Anyone who has shown the remotest interest in this blog, (Mum, Dad and errrrr..) will have realised from my ramblings that the thing most lacking in what I do is the C word. No, not cake, my life most definitely does not lack cake, but my training does lack consistency. Every week I am out doing something to keep the cake from hitting my middle too hard but with little regard for an overall plan. I do make plans but they are quite short term, usually some race in the next few months where I end up over-cooking it too soon, get injured and  then beat myself up over not reaching a fairly modest target. The cycle then repeats itself.  I know about periodisation, training blocks, specificity, tapering, drills, race simulation etc but I seem unable to put all this different stuff into practise and make it work for me, so the time has come to ask for help.

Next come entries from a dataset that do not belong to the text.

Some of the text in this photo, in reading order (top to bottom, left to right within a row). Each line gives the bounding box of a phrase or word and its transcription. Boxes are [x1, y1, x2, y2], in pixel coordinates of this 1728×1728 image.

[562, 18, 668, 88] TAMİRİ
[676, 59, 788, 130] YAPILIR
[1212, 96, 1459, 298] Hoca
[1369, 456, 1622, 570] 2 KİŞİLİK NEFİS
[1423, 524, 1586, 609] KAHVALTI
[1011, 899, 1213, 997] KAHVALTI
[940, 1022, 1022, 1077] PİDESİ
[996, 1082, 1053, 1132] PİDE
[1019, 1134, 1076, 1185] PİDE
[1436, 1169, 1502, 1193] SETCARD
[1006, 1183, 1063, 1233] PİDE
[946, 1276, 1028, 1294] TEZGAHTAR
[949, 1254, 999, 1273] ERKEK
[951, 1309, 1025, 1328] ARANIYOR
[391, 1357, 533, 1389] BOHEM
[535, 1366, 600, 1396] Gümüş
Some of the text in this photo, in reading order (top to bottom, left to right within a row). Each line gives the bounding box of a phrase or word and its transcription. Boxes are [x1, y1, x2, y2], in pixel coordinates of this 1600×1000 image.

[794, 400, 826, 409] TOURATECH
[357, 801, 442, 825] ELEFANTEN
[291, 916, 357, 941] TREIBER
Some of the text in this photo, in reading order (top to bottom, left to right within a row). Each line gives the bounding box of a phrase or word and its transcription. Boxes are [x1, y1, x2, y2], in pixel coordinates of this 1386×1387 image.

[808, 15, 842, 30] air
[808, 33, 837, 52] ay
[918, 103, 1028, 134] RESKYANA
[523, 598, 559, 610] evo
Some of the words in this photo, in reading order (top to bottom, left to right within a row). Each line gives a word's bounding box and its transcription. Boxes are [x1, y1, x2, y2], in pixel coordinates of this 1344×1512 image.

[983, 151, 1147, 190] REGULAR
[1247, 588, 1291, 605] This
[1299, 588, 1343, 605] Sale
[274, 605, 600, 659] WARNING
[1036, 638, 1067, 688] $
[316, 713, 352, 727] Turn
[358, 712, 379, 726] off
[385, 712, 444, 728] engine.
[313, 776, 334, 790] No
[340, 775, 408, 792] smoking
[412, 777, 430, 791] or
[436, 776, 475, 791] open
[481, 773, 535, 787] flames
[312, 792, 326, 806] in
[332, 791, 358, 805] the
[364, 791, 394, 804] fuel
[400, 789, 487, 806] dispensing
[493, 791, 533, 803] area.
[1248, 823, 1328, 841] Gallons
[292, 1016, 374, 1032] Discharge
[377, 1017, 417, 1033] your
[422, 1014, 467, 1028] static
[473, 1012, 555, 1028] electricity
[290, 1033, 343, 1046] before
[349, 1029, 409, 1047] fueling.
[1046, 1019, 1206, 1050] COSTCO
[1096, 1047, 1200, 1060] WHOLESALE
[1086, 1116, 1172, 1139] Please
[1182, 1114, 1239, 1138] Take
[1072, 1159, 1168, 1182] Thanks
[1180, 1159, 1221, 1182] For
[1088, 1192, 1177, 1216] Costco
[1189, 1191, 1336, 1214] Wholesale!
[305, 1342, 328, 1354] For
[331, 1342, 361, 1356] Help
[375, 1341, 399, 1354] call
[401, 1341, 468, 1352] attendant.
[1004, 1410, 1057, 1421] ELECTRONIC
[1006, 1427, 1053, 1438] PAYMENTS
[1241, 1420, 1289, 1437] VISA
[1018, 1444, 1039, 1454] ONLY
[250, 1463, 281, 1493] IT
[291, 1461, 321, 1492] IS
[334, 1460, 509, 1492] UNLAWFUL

So what do I hope a coach can do for me? Well I know what he's not going to do and that's turn me into a pro, Kona qualifier or age group winner. My expectations are a good deal more realistic and limited than that. But what I think a coach can do is help to give me some focus and get me enjoying my training, get me trying new things and ultimately progressing towards a better me. Hmm, that sounds pretty deep and very pretentious but it's heartfelt. I seem to operate best when I pick a big target and work towards it. I like targets and I like to work towards a biggie and then nail it, like I did with Ad and Jamie in the DW. Embrunman is a biggie. Running a sub-3 marathon is a biggie. Combining them together seems virtually impossible for me at the moment and so I am waving the white flag and admitting that I need some help to get there.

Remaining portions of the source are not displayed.